**Brief:** Please repeat the records exactly, keeping the pictures out.
===============
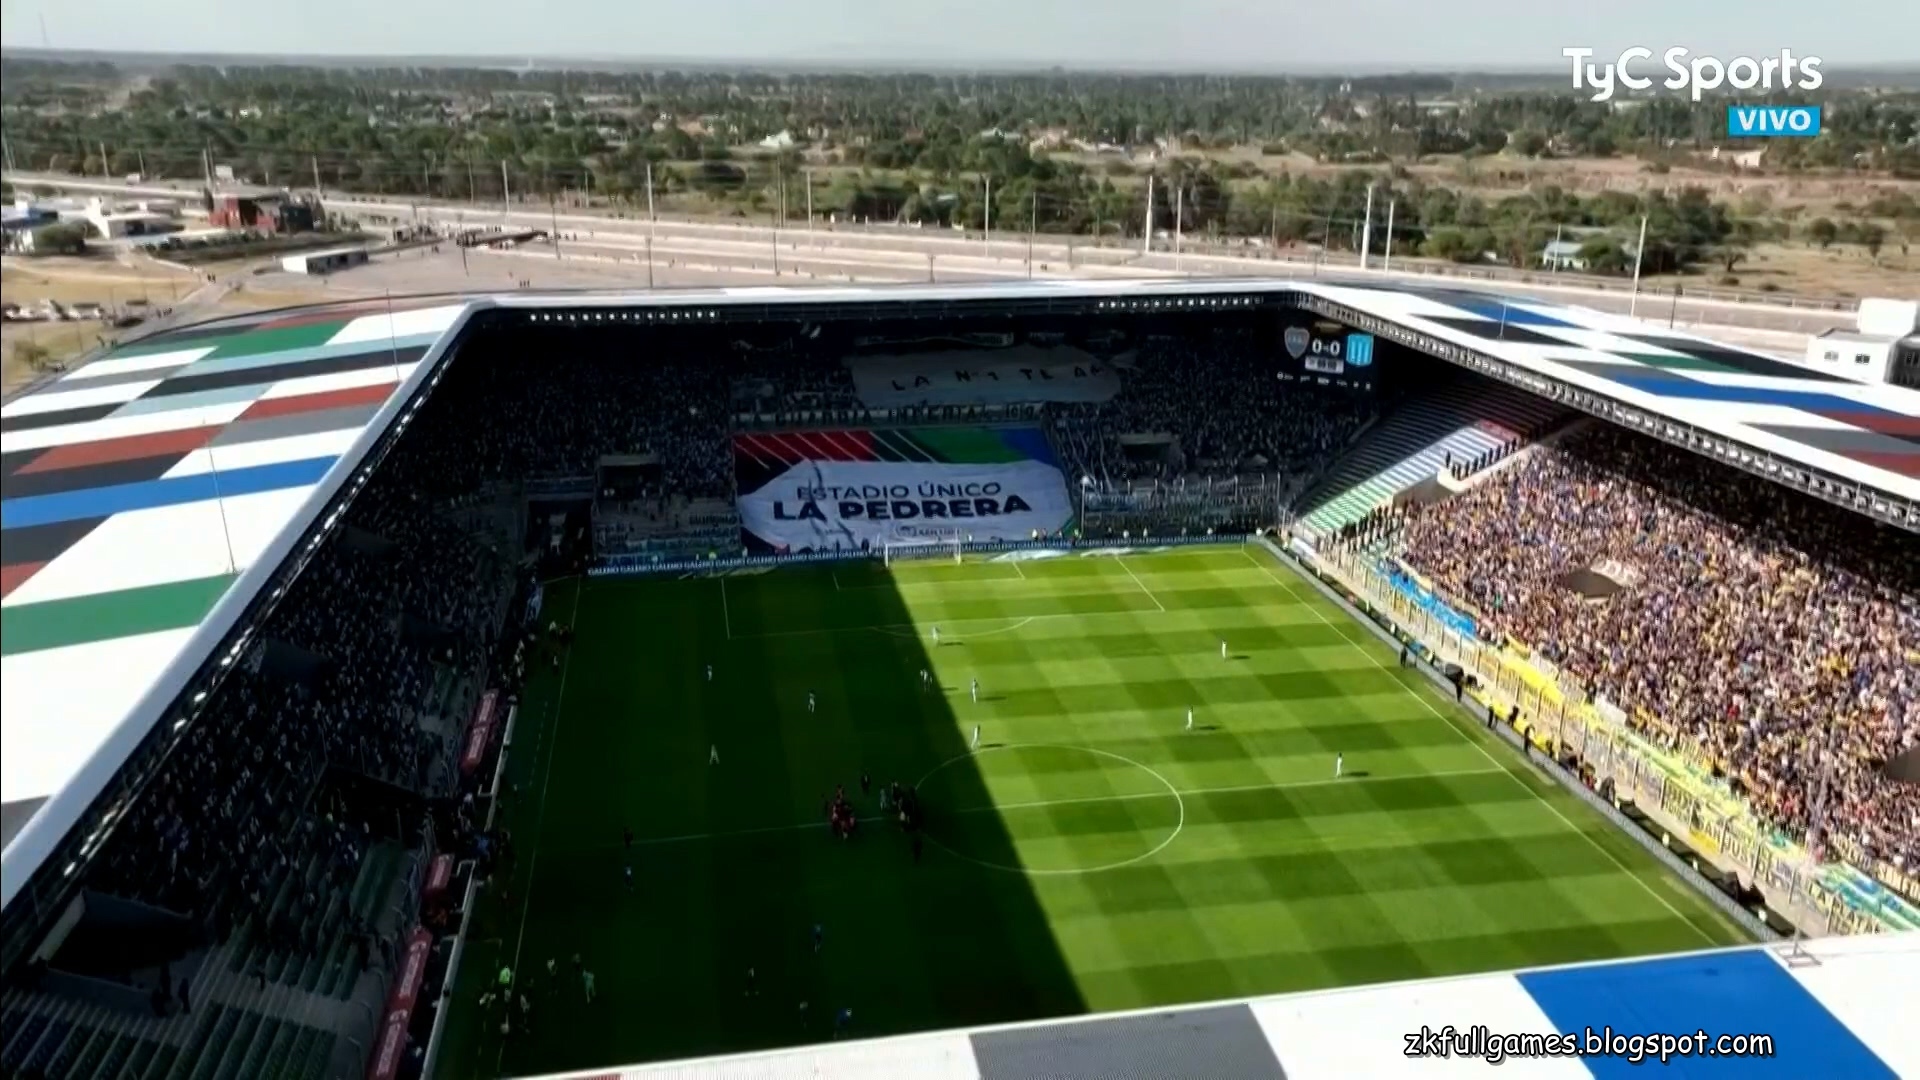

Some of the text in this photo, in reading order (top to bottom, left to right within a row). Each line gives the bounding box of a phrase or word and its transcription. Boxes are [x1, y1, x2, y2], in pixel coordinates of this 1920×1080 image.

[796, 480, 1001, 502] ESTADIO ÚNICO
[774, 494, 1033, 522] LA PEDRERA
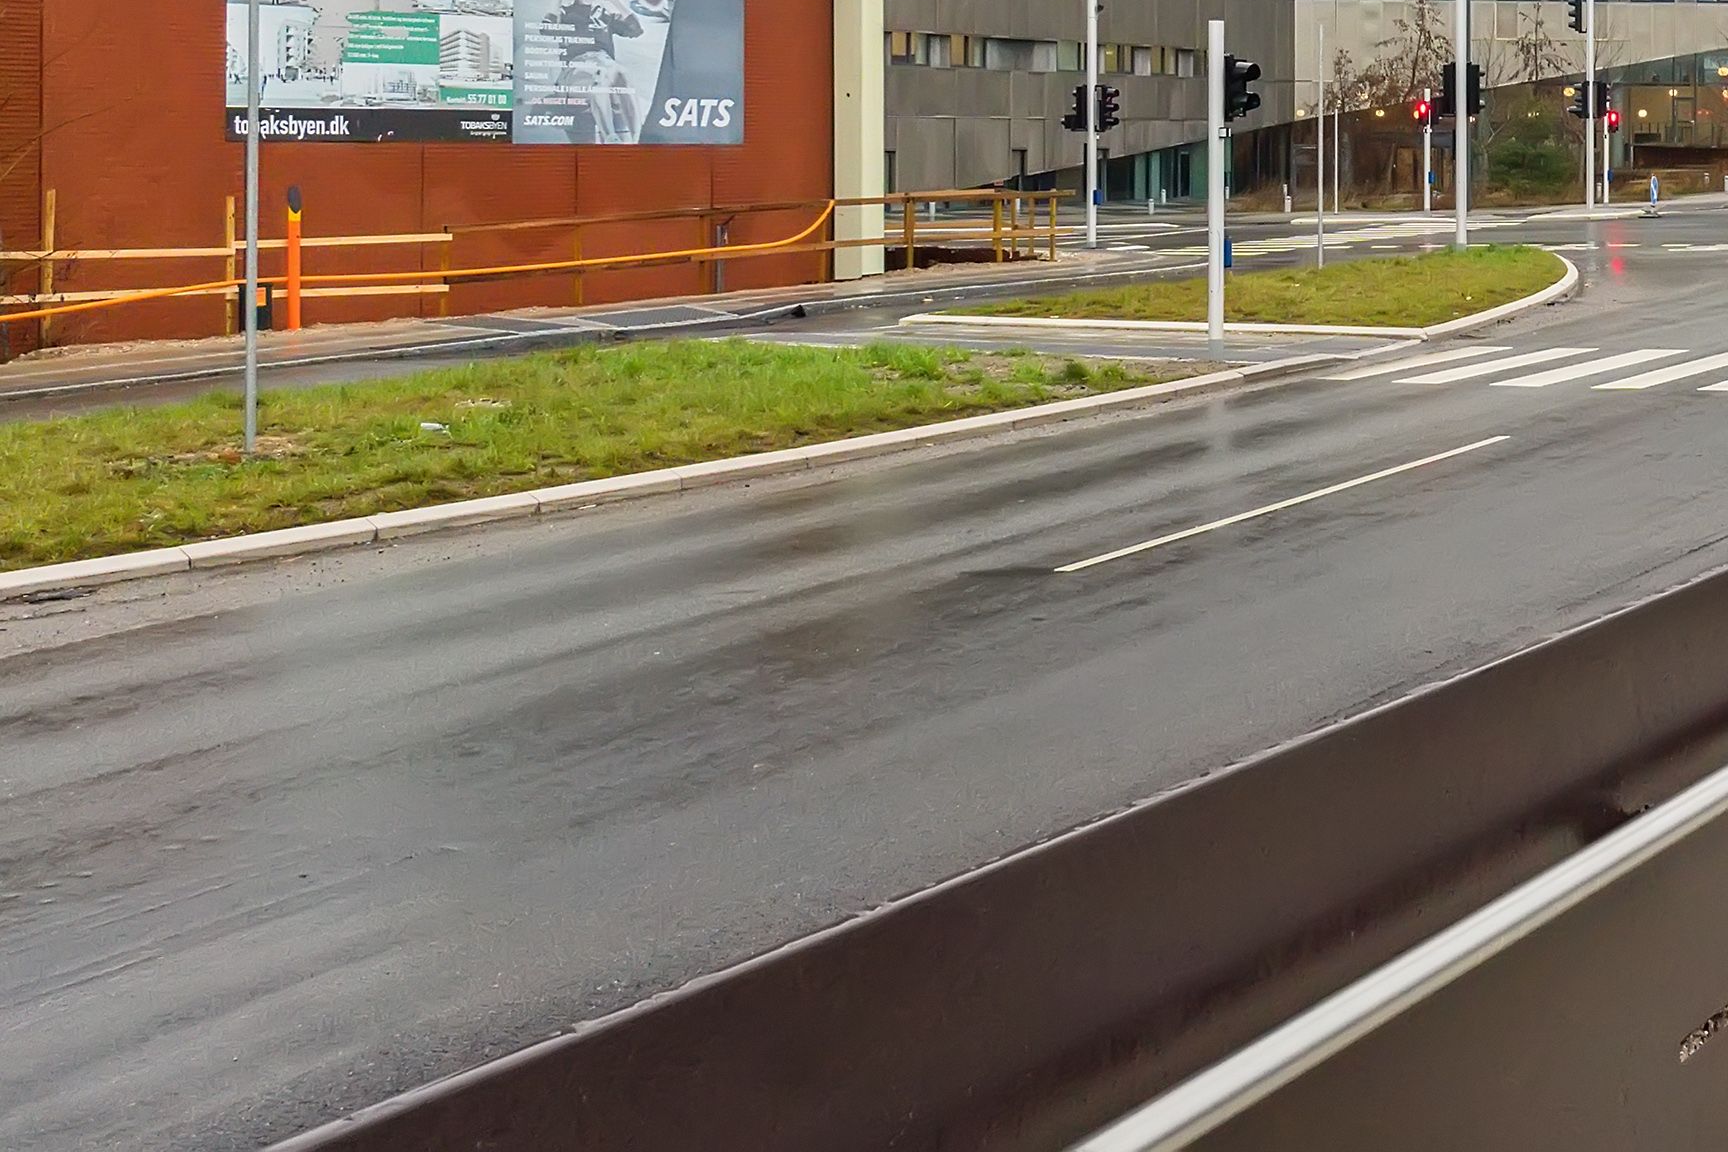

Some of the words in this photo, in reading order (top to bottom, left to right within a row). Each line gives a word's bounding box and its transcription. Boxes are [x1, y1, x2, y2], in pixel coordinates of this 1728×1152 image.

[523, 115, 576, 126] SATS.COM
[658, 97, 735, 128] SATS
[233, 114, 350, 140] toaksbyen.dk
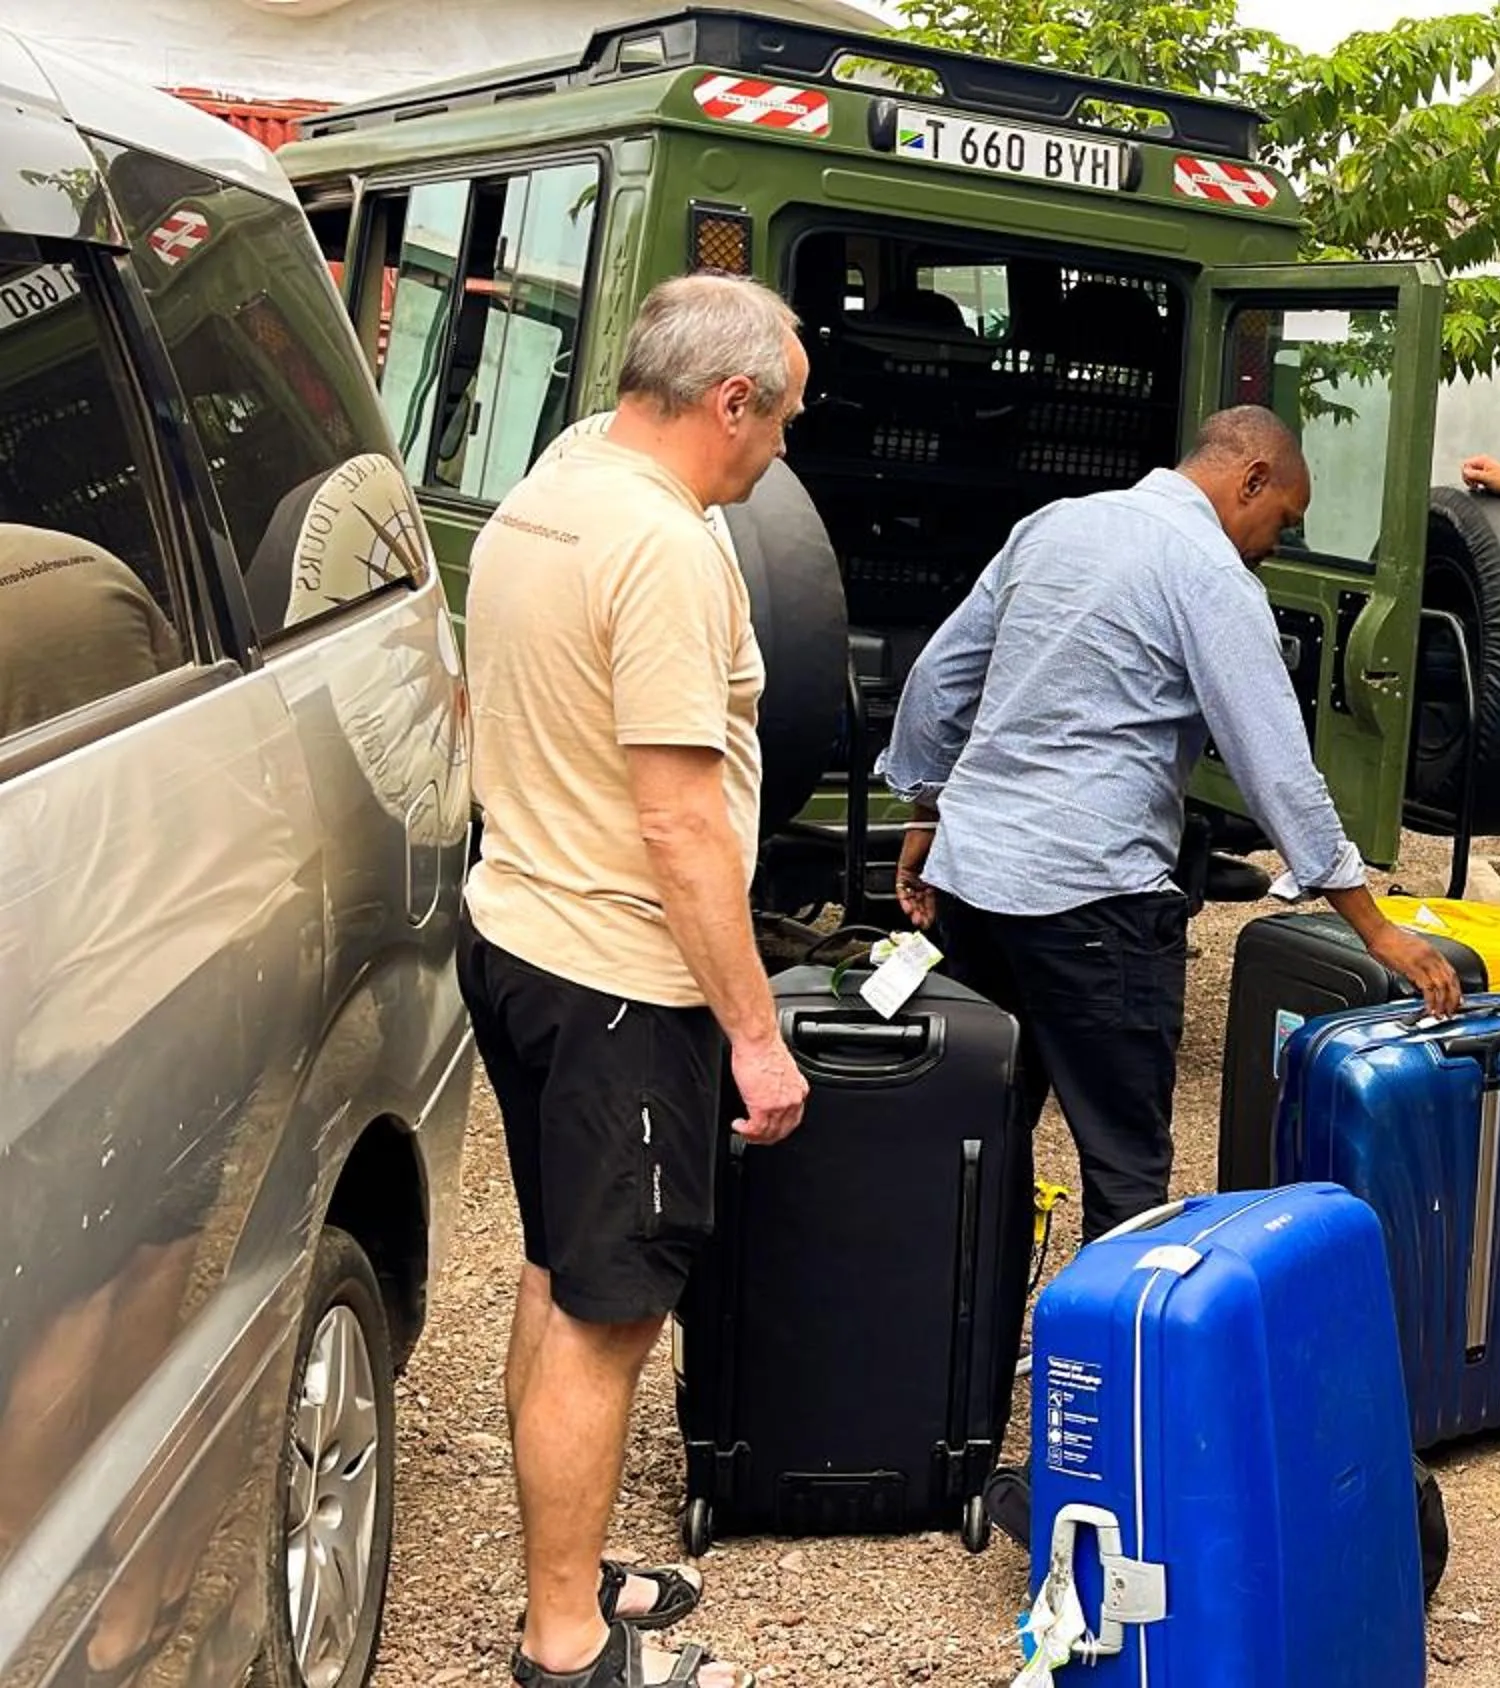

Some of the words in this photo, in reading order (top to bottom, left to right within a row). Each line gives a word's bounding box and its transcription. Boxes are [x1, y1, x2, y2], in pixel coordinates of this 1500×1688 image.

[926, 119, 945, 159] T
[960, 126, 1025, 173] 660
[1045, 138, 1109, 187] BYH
===============
**Solution to the problem:**
Some of the text in this photo, in reading order (top to bottom, left to right within a row). Each line gives the bounding box of a phrase or word and its transcription. Boxes are [x1, y1, x2, y2], in pixel coordinates of this 1920×1080 image.

[796, 480, 1001, 502] ESTADIO ÚNICO
[774, 494, 1033, 522] LA PEDRERA

Some of the words in this photo, in reading order (top to bottom, left to right within a row). Each line gives a word's bounding box and its transcription. Boxes are [x1, y1, x2, y2], in pixel coordinates of this 1728×1152 image.

[523, 115, 576, 126] SATS.COM
[658, 97, 735, 128] SATS
[233, 114, 350, 140] toaksbyen.dk

Some of the words in this photo, in reading order (top to bottom, left to right within a row). Each line gives a word's bounding box and its transcription. Boxes are [x1, y1, x2, y2], in pixel coordinates of this 1500×1688 image.

[926, 119, 945, 159] T
[960, 126, 1025, 173] 660
[1045, 138, 1109, 187] BYH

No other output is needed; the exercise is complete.